**EXERCISE BRIEF:** The answer should consist of the records below, repeated exactly, and no pictures.

**AVAILABLE DATA:**
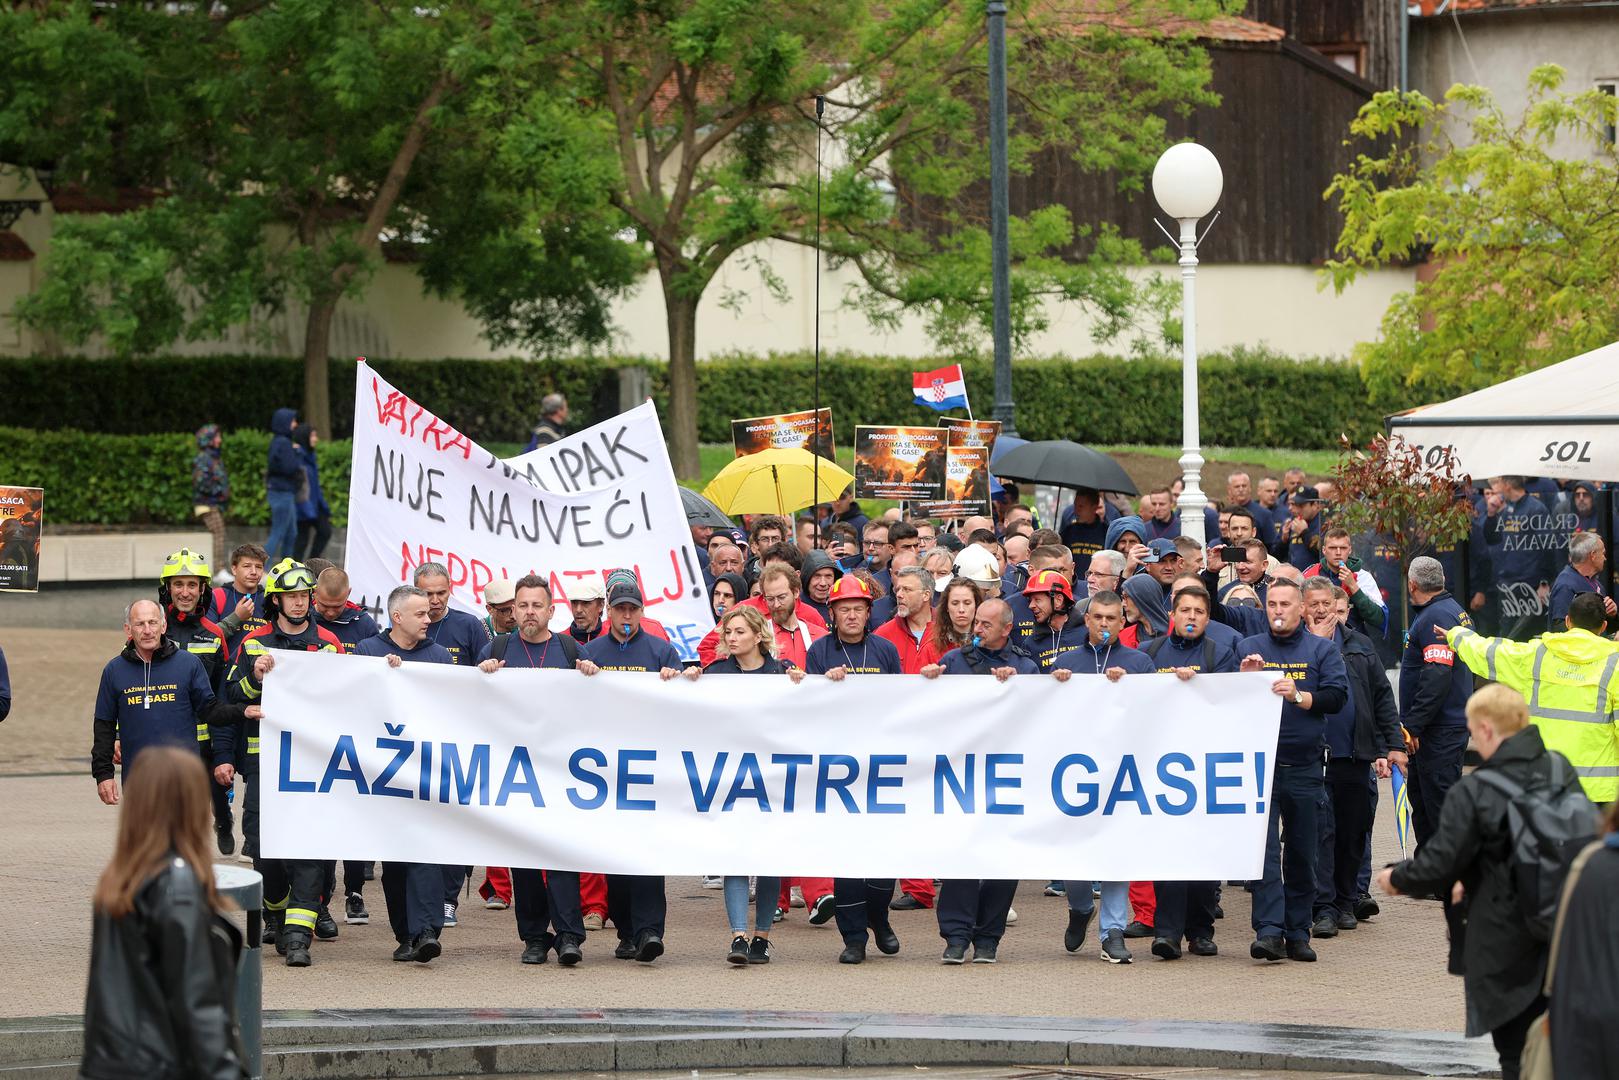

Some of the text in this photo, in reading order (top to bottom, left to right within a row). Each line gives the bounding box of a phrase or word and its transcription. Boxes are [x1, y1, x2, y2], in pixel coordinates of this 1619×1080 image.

[550, 425, 648, 494] IPAK
[1539, 441, 1592, 463] SOL
[371, 445, 446, 523] NIJE
[469, 484, 652, 548] NAJVEĆI
[1285, 671, 1306, 680] ASE
[124, 685, 147, 694] LAŽIMA
[127, 694, 176, 705] NE GASE
[278, 722, 1266, 817] LAŽIMA SE VATRE NE GASE!
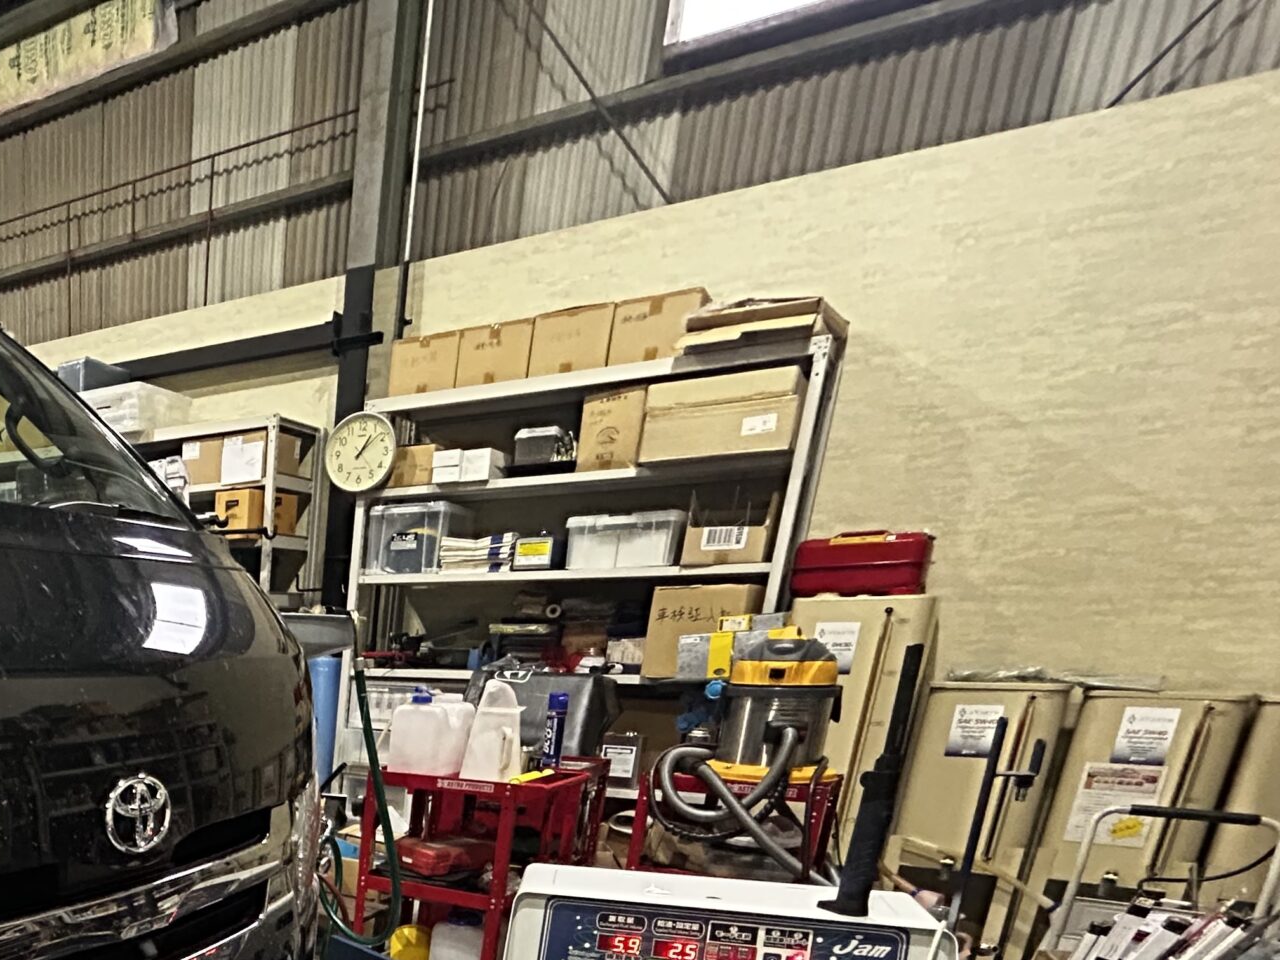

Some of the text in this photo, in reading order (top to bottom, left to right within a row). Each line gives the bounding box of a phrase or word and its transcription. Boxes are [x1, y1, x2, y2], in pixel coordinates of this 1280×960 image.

[359, 420, 368, 431] 12
[347, 426, 355, 436] 11
[339, 436, 348, 447] 10
[335, 450, 342, 460] 9
[382, 446, 389, 456] 3
[337, 463, 344, 473] 8
[377, 460, 384, 469] 4
[346, 471, 352, 481] 7
[368, 469, 375, 479] 5
[355, 474, 362, 485] 6
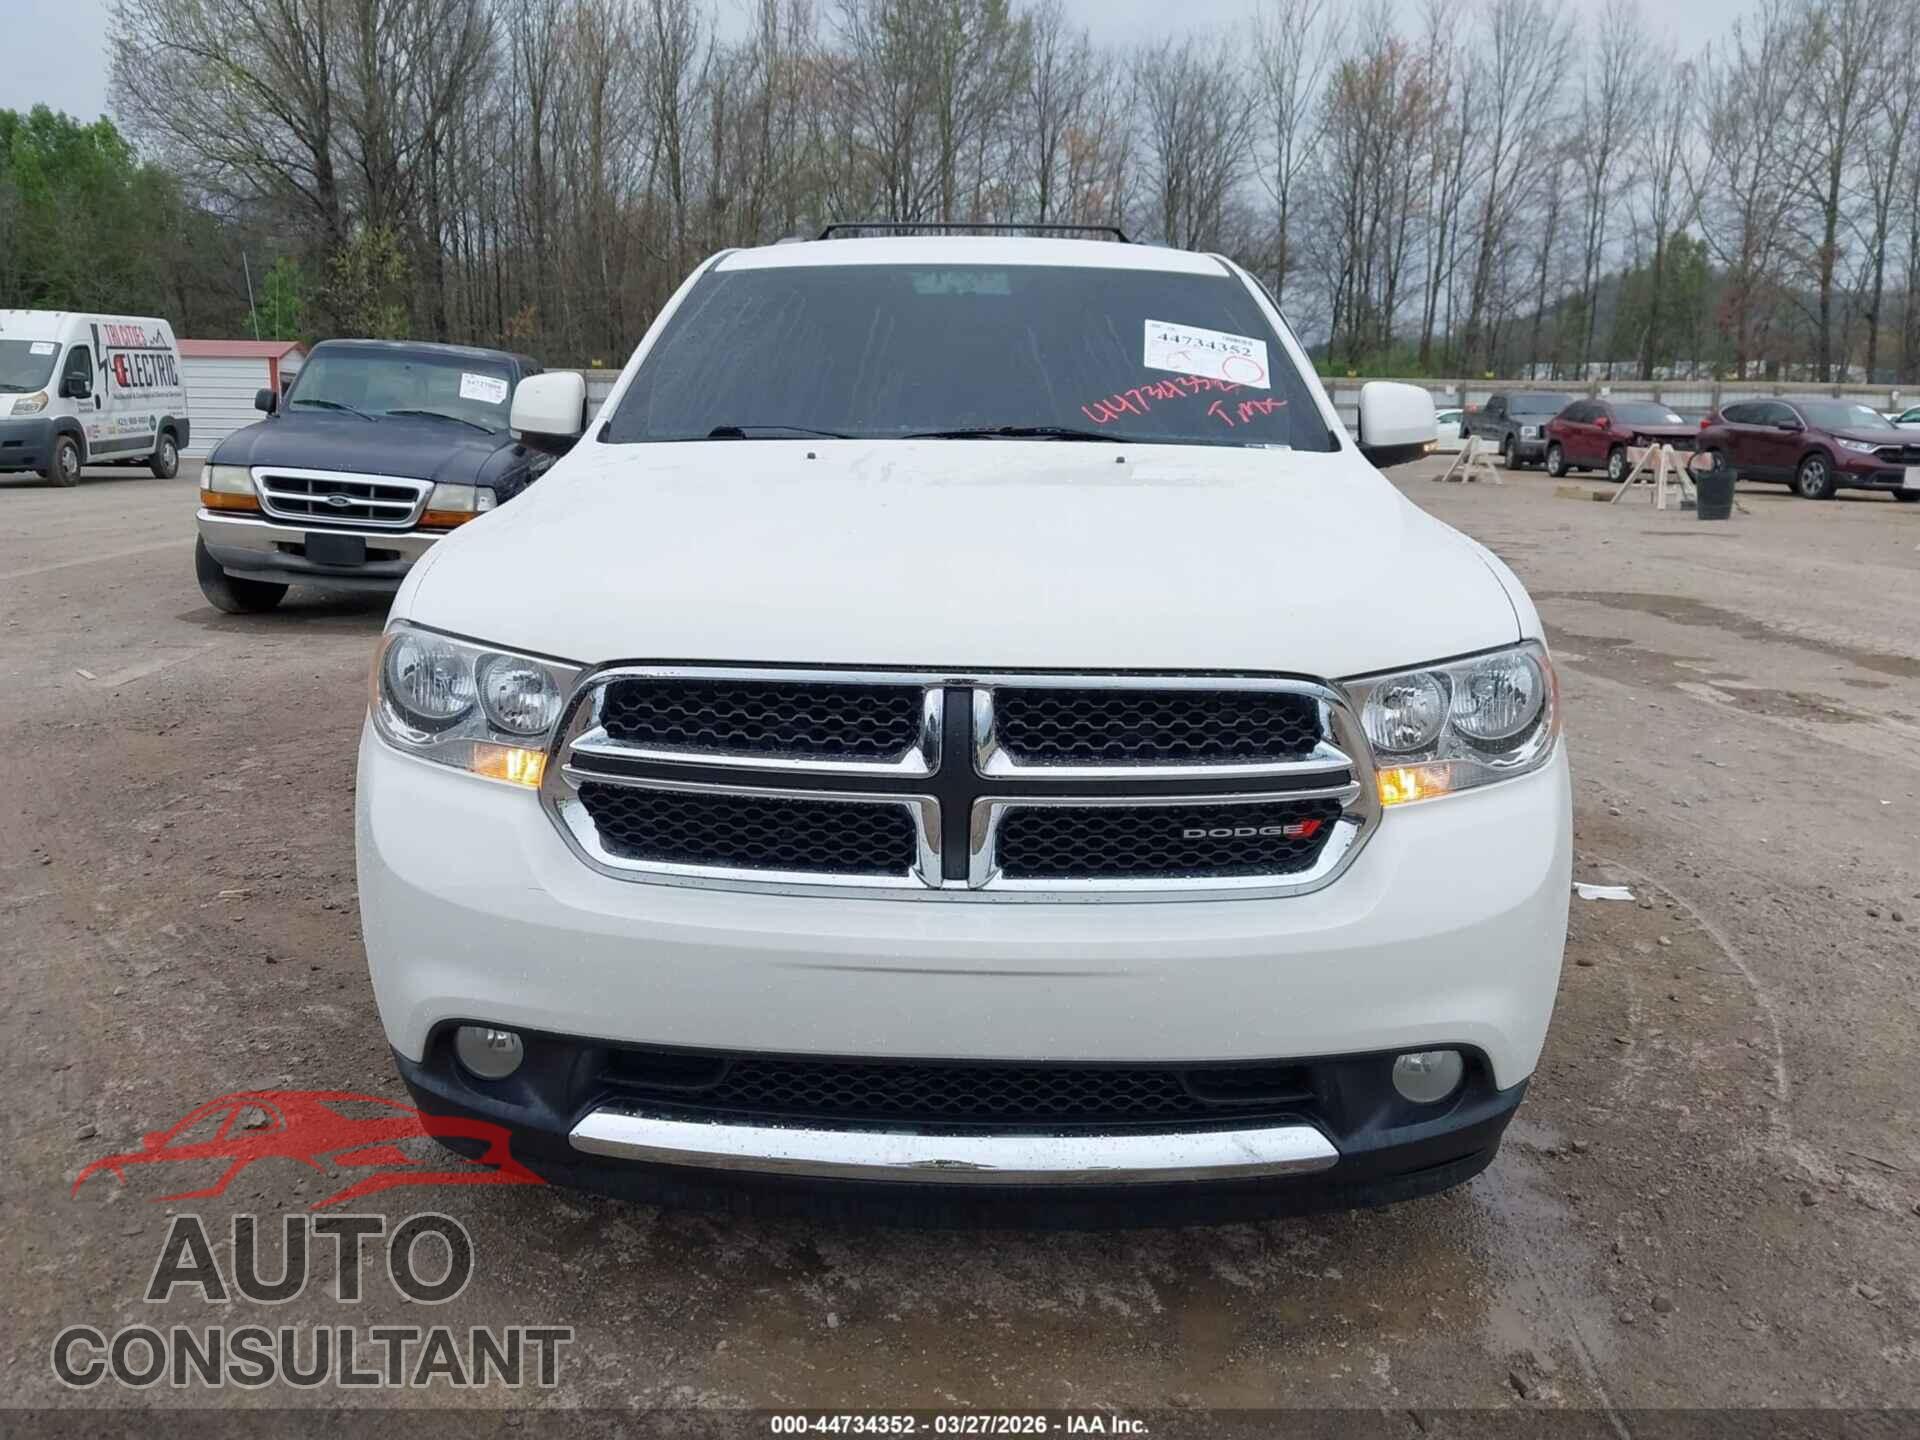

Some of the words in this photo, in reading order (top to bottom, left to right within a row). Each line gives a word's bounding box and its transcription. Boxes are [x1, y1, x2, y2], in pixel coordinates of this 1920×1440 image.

[1158, 333, 1253, 357] 44734352
[113, 353, 179, 388] ELECTRIC
[1183, 824, 1304, 839] DODGE

**EXERCISE SOLUTION:**
Some of the text in this photo, in reading order (top to bottom, left to right within a row). Each line gives the bounding box of a phrase or word and its transcription. Boxes are [x1, y1, x2, y2], in pixel coordinates of this 1619×1080 image.

[550, 425, 648, 494] IPAK
[1539, 441, 1592, 463] SOL
[371, 445, 446, 523] NIJE
[469, 484, 652, 548] NAJVEĆI
[1285, 671, 1306, 680] ASE
[124, 685, 147, 694] LAŽIMA
[127, 694, 176, 705] NE GASE
[278, 722, 1266, 817] LAŽIMA SE VATRE NE GASE!

Some of the text in this photo, in reading order (top to bottom, left to right within a row). Each line gives the bounding box of a phrase or word and its transcription. Boxes are [x1, y1, x2, y2], in pixel coordinates of this 1280×960 image.

[359, 420, 368, 431] 12
[347, 426, 355, 436] 11
[339, 436, 348, 447] 10
[335, 450, 342, 460] 9
[382, 446, 389, 456] 3
[337, 463, 344, 473] 8
[377, 460, 384, 469] 4
[346, 471, 352, 481] 7
[368, 469, 375, 479] 5
[355, 474, 362, 485] 6

Some of the words in this photo, in reading order (top to bottom, left to right within a row). Each line gives a word's bounding box and its transcription. Boxes are [x1, y1, x2, y2], in pixel coordinates of this 1920×1440 image.

[1158, 333, 1253, 357] 44734352
[113, 353, 179, 388] ELECTRIC
[1183, 824, 1304, 839] DODGE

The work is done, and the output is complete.